Durante la discussione in aula questa legge, da un attacco degli antiabortisti alla libera autodeterminazione delle donne, si è trasformata in un lasciapassare alla giunta regionale che ora potrà e dovrà decidere come e quando far entrare negli ospedali del veneto “chiunque abbia qualcosa da dire” (per citare le parole di uno dei consiglieri). Da una legge specifica di fatto contro l’aborto, ci troviamo infatti ora di fronte ad una legge che ammette la “Promozione dei diritti etici e della vita nelle strutture sanitarie e socio-sanitarie e nei consultori”. Che cosa è successo? Dopo aver restituito le discussioni datesi in consiglio regionale, proverò ad aprire alcune piste di riflessione.

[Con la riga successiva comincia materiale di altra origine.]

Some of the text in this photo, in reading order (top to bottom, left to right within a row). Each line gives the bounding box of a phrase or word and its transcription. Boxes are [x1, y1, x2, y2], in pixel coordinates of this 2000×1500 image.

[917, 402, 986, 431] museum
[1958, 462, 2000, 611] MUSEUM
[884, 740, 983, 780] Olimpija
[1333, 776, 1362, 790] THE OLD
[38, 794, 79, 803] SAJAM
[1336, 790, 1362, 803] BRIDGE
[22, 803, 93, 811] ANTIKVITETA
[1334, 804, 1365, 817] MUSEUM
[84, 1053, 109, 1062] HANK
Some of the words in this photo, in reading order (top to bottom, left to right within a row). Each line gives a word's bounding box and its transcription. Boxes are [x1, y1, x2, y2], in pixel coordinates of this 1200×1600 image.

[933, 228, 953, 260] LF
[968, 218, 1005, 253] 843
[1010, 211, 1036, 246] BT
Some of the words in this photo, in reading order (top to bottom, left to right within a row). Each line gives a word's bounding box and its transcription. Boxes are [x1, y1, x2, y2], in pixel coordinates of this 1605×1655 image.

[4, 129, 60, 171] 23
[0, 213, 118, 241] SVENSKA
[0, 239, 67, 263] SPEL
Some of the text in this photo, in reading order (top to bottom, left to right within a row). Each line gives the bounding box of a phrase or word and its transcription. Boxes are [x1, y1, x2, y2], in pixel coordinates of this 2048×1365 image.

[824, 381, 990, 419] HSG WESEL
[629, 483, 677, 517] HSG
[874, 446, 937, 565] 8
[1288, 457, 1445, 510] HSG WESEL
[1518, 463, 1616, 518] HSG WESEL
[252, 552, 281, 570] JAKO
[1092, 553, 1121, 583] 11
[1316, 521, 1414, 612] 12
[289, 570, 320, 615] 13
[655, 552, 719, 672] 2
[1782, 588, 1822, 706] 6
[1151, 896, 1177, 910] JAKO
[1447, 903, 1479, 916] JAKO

Nello specifico, il testo della PDL n 3 del “Movimento” per la “vita” pretendeva nel suo art.1 denominato – Pubblicità- che nei reparti di ginecologia e di ostetricia venissero affissi i materiali informativi dei “movimenti e delle associazioni legalmente riconosciute aventi come finalità l’aiuto alle donne in difficoltà orientate all’interruzione della gravidanza”; l’art. 2 chiedeva inoltre che questi entrassero fisicamente dentro i consultori, nei reparti, nelle sale d’aspetto degli ospedali ad “espletare il loro servizio di divulgazione”. L’articolo 3 infine esigeva ripercussioni per i dirigenti ed il personale sanitario che avessero ostacolato tale “divulgazione” arrivando fino all’esigere la “revoca della pratica degli interventi di aborto volontario nelle strutture inadempienti”.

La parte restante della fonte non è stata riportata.